## Task goal
Find the line containing "this 1280×960 image.". Retype it and every line after it through the end of the entries, exactly as written, with nothing added.

Stored data entries:
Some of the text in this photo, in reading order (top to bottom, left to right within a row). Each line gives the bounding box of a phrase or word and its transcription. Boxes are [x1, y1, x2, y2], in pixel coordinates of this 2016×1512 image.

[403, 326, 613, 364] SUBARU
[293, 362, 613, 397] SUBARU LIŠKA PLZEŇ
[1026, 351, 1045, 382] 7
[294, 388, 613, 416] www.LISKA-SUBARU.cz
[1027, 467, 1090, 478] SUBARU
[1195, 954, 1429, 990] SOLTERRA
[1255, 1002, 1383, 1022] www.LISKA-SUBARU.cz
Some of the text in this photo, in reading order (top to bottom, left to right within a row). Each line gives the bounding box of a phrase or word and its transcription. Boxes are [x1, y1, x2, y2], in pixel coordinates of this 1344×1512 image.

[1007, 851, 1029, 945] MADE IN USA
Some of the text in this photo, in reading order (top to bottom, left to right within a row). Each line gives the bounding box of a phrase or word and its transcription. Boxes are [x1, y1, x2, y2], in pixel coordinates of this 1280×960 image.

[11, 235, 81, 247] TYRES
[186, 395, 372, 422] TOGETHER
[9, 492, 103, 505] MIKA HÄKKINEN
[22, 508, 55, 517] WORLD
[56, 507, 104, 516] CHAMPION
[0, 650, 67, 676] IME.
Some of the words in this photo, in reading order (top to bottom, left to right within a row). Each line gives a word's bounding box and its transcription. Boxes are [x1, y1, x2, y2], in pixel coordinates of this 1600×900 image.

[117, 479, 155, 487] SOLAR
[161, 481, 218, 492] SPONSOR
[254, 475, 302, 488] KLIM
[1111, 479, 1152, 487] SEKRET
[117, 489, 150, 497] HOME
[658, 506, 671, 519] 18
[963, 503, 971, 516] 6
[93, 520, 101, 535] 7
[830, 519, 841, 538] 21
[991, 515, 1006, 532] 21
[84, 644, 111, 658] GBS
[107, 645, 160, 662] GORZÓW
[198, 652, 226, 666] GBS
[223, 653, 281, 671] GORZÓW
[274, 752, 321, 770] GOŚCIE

## Response to the task
Some of the text in this photo, in reading order (top to bottom, left to right within a row). Each line gives the bounding box of a phrase or word and its transcription. Boxes are [x1, y1, x2, y2], in pixel coordinates of this 1280×960 image.

[11, 235, 81, 247] TYRES
[186, 395, 372, 422] TOGETHER
[9, 492, 103, 505] MIKA HÄKKINEN
[22, 508, 55, 517] WORLD
[56, 507, 104, 516] CHAMPION
[0, 650, 67, 676] IME.
Some of the words in this photo, in reading order (top to bottom, left to right within a row). Each line gives a word's bounding box and its transcription. Boxes are [x1, y1, x2, y2], in pixel coordinates of this 1600×900 image.

[117, 479, 155, 487] SOLAR
[161, 481, 218, 492] SPONSOR
[254, 475, 302, 488] KLIM
[1111, 479, 1152, 487] SEKRET
[117, 489, 150, 497] HOME
[658, 506, 671, 519] 18
[963, 503, 971, 516] 6
[93, 520, 101, 535] 7
[830, 519, 841, 538] 21
[991, 515, 1006, 532] 21
[84, 644, 111, 658] GBS
[107, 645, 160, 662] GORZÓW
[198, 652, 226, 666] GBS
[223, 653, 281, 671] GORZÓW
[274, 752, 321, 770] GOŚCIE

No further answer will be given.